As true to-day as in the fifth century B.C. the name of Hellas stands no longer for the name of a race, but as the name of knowledge; or, as more tersely put by Maine, "Except the blind forces of Nature, nothing moves [intellectually, he means] in this world that is not Greek in origin." Man's anabasis from the old priest-ridden civilizations of the East began when "the light of reason lighted up all things," with which saying Anaxagoras expressed our modern outlook on life.

The Humanities have been a subject of criticism in two directions. Their overwhelming prominence, it is claimed, prevents the development of learning in other and more useful directions; and the method of teaching is said to be antiquated and out of touch with the present needs. They control the academic life of Oxford. An analysis of the Register for 1919 shows that of the 257 men comprising the Heads and Fellows of the twenty-three colleges (including St. Edmund's Hall), only fifty-one are scientific, including the mathematicians.

It is not very polite, perhaps, to suggest that as transmitters and interpreters they should not bulk quite so large in a modern university. 'Twas all very well

"... in days when wits were fresh and clear
And life ran gaily as the sparkling Thames—"

in those happy days when it was felt that all knowledge had been garnered by those divine men of old time, that there was nothing left but to enjoy the good things harvested by such universal providers as Isidore, Rabanus Maurus, and Vincent of Beauvais, and those stronger dishes served by such artists as Albertus Magnus and St. Thomas Aquinas—delicious blends of such skill that only the palate of an Apicius could separate Greek, Patristic, and Arabian savours.

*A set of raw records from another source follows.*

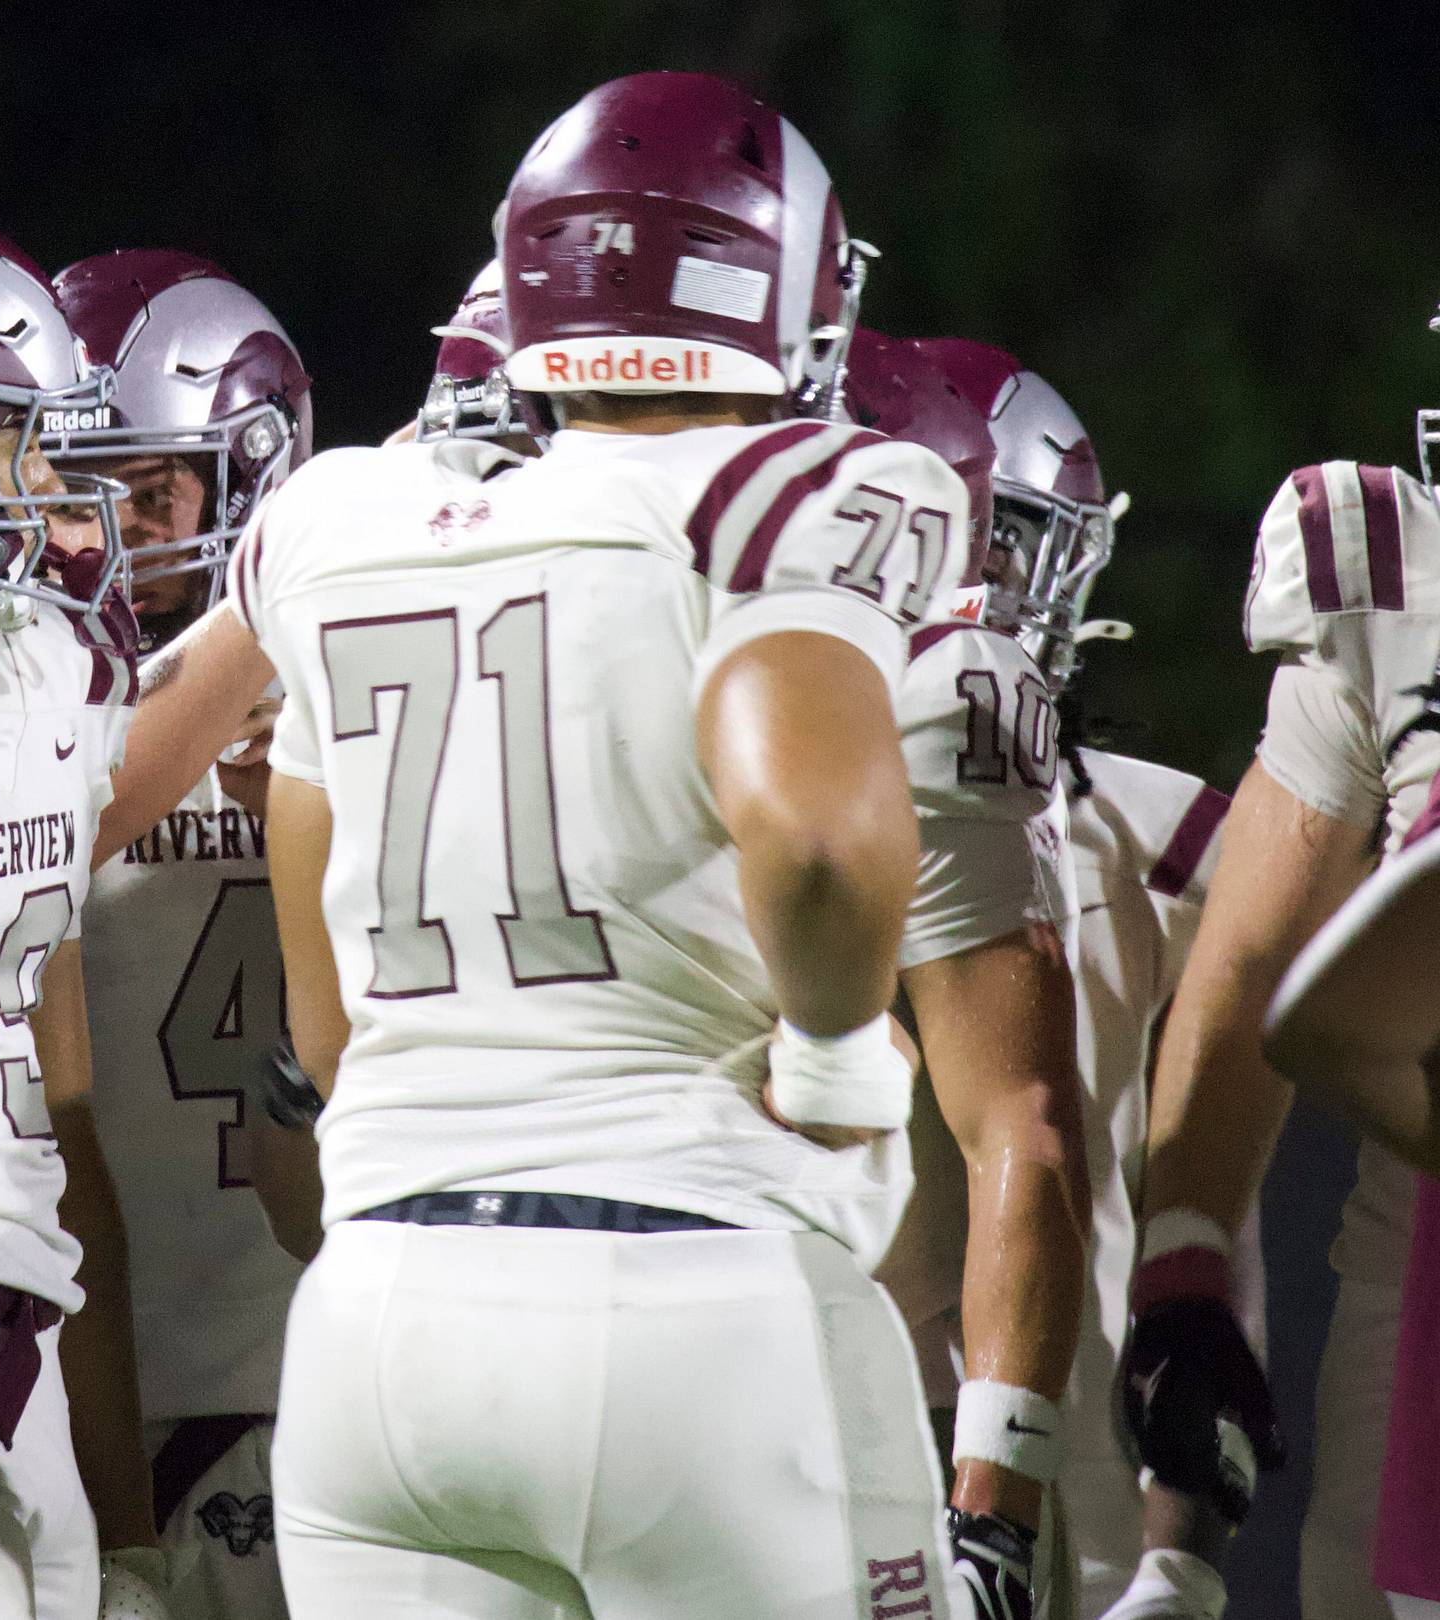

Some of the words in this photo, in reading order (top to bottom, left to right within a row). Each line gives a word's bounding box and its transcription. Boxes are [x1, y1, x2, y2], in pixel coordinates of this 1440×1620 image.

[592, 222, 634, 255] 74
[43, 407, 110, 432] iddell
[544, 348, 712, 383] Riddell
[831, 483, 951, 622] 71
[956, 669, 1059, 793] 10
[319, 590, 620, 999] 71
[157, 877, 289, 1190] 4

It is not the dominance, but the unequal dominance that is a cause of just complaint. As to methods of teaching—by their fruits ye shall know them. The product of "Greats" needs no description in this place. Many deny the art to find the mind's construction in the face, but surely not the possibility of diagnosing at a glance a "first in Greats"! Only in him is seen that altogether superior expression, that self-consciousness of having reached life's goal, of having, in that pickled sentence of Dean Gaisford's Christmas sermon, done something "that not only elevates above the common herd, but leads not unfrequently to positions of considerable emolument." "Many are the wand-bearers, few are the mystics," and a system should not be judged by the exceptions. As a discipline of the mind for the few, the system should not be touched, and we should be ready to sacrifice a holocaust of undergraduates every year to produce in each generation a scholar of the type of, say, Ingram Bywater. 'Tis Nature's method—does it not cost some thousands of eggs and fry to produce one salmon?